While some shipyards struggled to stay afloat during the initial COVID-19 outbreak, the post-pandemic environment should usher in an encouraging era for shipyard order books.
In 2020, container ship orders fell to their lowest level in a decade and dry bulk and tanker orders saw similar declines. 2021 and 2022 saw a slight increase in orders and shipment analysts are now predicting that 2023 will again see high levels of orders across all sectors, raising fears of potential oversupply. The demand for new builds is such that many shipyards are finding it increasingly difficult to meet new orders.
Impact on funding
The huge order book expected for 2023 raises the question: where does the capital come from to finance all these new constructions?
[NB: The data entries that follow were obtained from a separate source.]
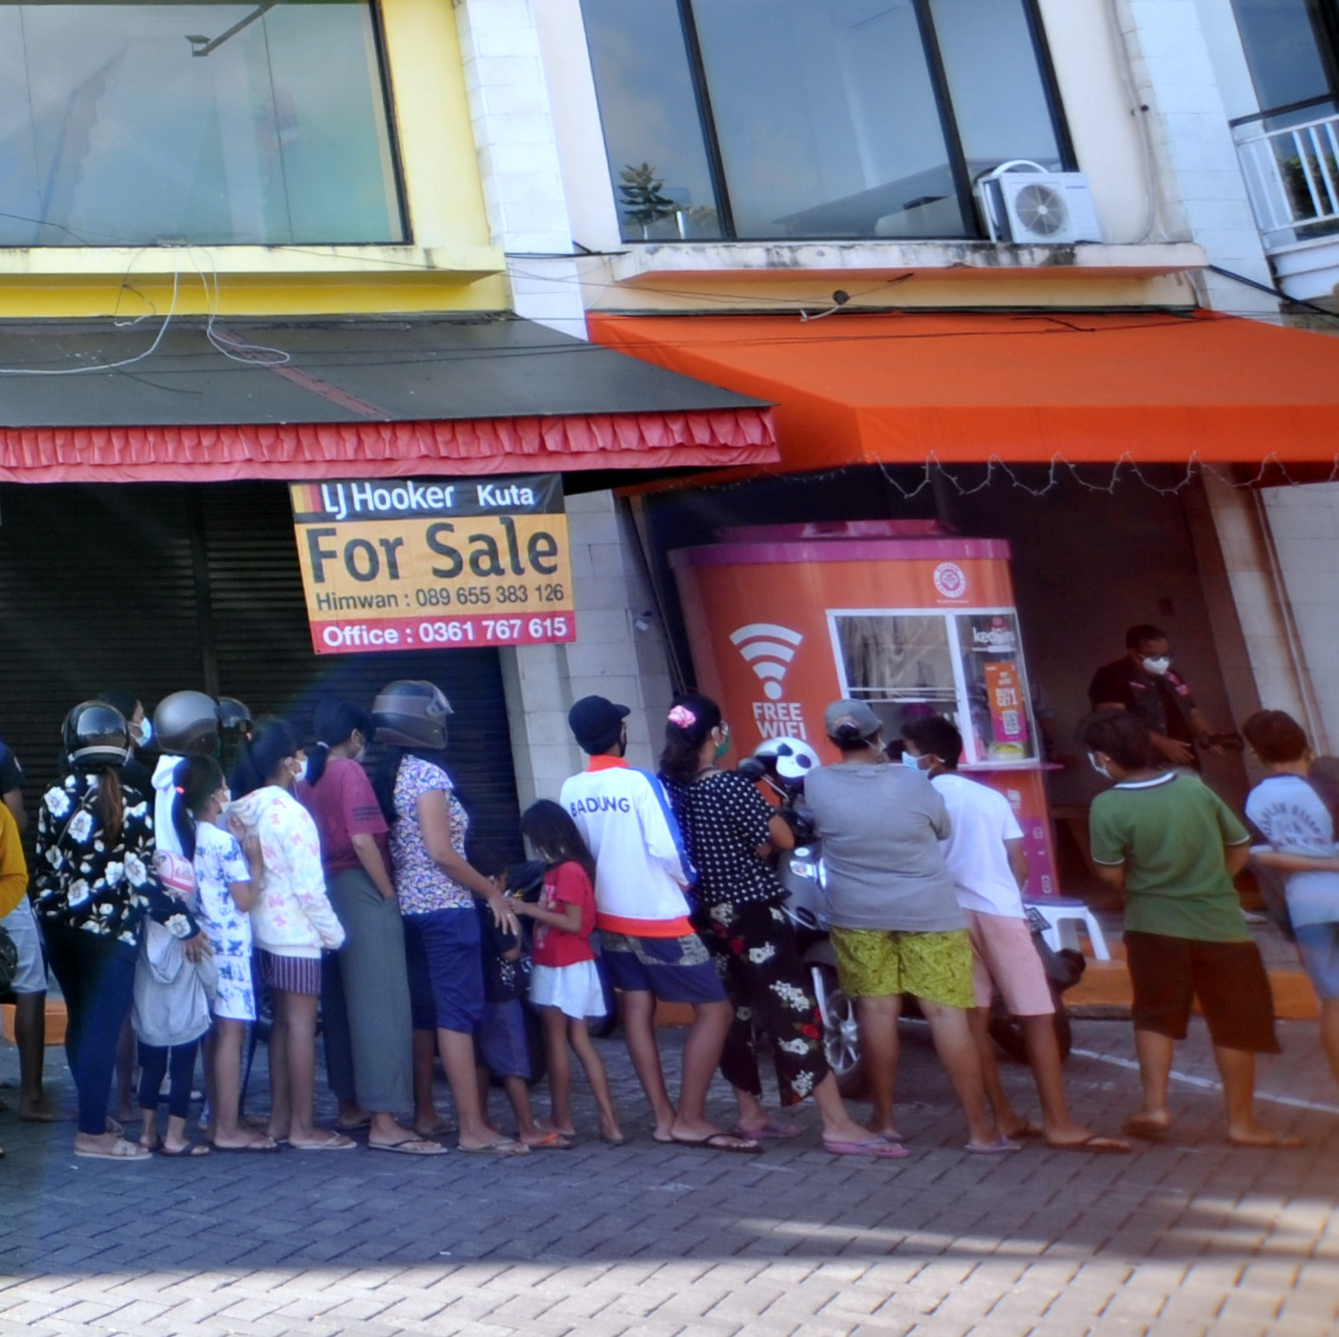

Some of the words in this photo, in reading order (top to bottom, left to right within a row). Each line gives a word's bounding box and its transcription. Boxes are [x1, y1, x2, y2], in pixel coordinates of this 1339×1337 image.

[321, 482, 347, 521] LJ
[351, 480, 455, 512] Hooker
[477, 483, 535, 508] Kuta
[306, 526, 404, 584] For
[426, 516, 559, 580] Sale
[316, 591, 398, 612] Himwan
[416, 588, 452, 608] 089
[456, 586, 492, 606] 655
[496, 585, 529, 604] 383
[535, 583, 565, 603] 126
[323, 624, 400, 648] Office
[418, 620, 474, 643] 0361
[482, 619, 522, 640] 767
[528, 617, 568, 638] 615
[752, 702, 803, 721] FREE
[756, 720, 807, 741] WIFI
[569, 795, 631, 818] BADUNG
The answer may lie in creative financing solutions and diversification of funding sources. Earlier this year, it was announced that a shipowner had secured financing for its dozens of new builds through various financing structures. These included a mix of loans guaranteed by export credit agencies, sale-leaseback agreements, syndicated bank loans and equity. We have seen other shipowners turn exclusively to sale-leaseback financing to fully cover their major newbuilding programs. Yet some continue to rely on traditional equity and debt financing.
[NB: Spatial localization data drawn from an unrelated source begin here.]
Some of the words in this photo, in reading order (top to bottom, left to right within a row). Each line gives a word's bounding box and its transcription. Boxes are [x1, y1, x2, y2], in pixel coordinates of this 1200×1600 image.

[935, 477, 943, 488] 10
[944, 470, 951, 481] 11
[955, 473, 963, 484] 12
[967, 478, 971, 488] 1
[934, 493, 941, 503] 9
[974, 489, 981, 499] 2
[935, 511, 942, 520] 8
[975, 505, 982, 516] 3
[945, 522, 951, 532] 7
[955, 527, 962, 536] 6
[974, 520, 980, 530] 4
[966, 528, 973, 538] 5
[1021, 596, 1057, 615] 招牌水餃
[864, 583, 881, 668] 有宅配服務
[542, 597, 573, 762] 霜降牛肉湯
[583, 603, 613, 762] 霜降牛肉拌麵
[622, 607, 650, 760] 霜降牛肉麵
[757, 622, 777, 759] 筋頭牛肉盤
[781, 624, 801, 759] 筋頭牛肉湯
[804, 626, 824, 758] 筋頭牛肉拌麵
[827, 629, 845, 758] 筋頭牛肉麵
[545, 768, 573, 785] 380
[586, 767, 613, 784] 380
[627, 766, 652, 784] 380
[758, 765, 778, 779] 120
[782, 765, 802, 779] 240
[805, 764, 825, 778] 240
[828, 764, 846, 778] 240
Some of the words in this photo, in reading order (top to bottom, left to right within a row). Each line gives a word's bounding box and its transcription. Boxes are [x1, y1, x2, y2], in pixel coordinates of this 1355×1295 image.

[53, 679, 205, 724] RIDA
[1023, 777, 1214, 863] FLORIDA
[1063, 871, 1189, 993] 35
It is therefore clear that despite this influx of orders, shipowners continue to seek and find various and alternative sources of financing for ships.
Rental rates
Recently, charter rates have reached record highs, mainly due to the increasing demand for capacity following the post-pandemic boom. This lack of ships has given shipowners the advantage in charter negotiations, allowing them to obtain higher rates and longer rental periods.
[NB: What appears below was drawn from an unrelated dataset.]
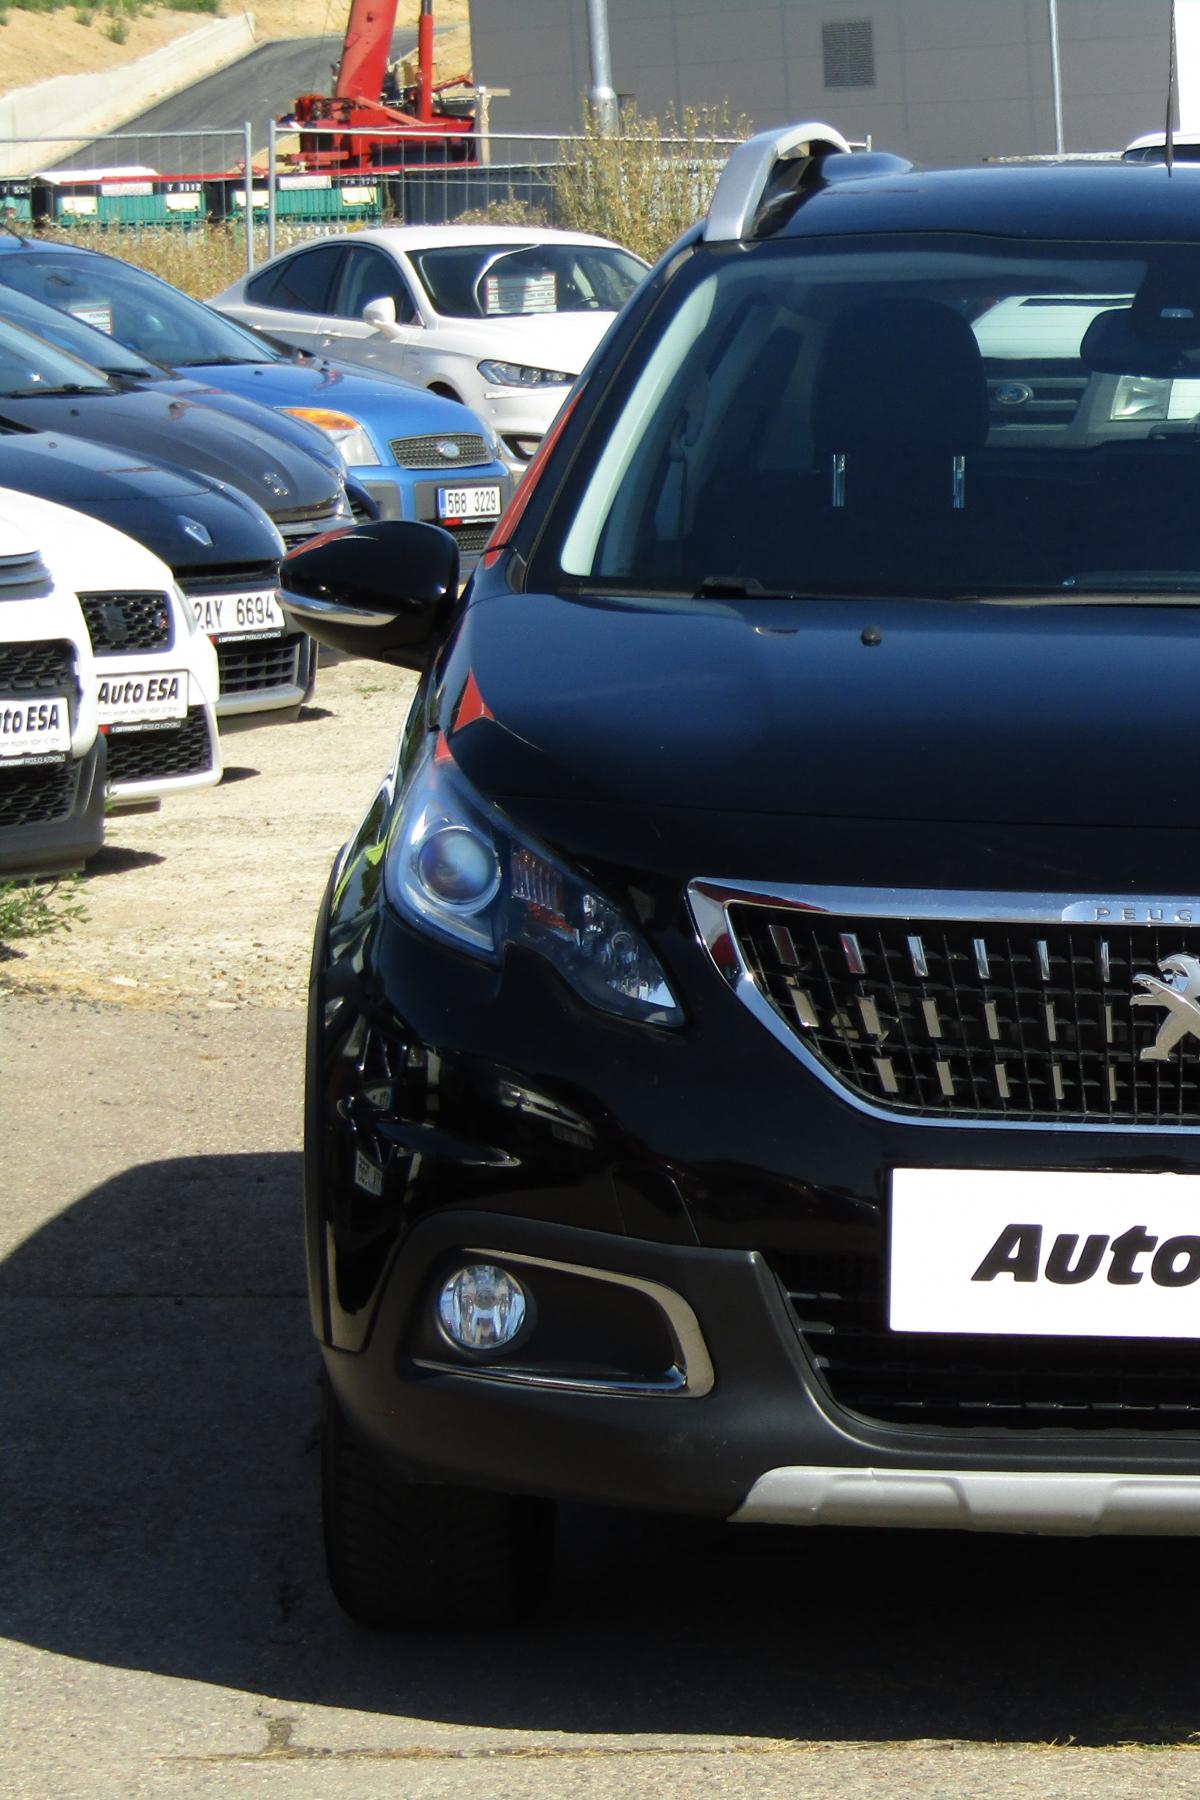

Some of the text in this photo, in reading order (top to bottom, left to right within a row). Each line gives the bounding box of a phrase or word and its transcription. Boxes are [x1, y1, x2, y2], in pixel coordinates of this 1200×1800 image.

As a result, one would assume that this flurry of newbuild orders could allay carrier concerns about skyrocketing charter rates. However, the long lead times for new build orders will likely mean that this extra capacity won’t be felt for some time. It remains to be seen whether charter rates will stabilize at pre-pandemic levels once the new builds currently on order finally come into service.
Some caution should be exercised by shipowners if the increase in newbuilding orders does indeed lead to an oversupply of vessels. An increase in capacity will result in lower charter rates. This can affect the owners’ ability to repay their financing obligations and care should be taken when negotiating employment contracts. While adequate safeguards should always be in place to ensure the timely repayment of loans and interest, concerns about this are likely to be exacerbated by fears of a decline in a vessel’s earning potential. .
the researchers believe that 2023 will see high levels of order activity across all ship sectors, mainly led by bulk carriers, with shipyards maintaining strong negotiating positions as order books begin to fill.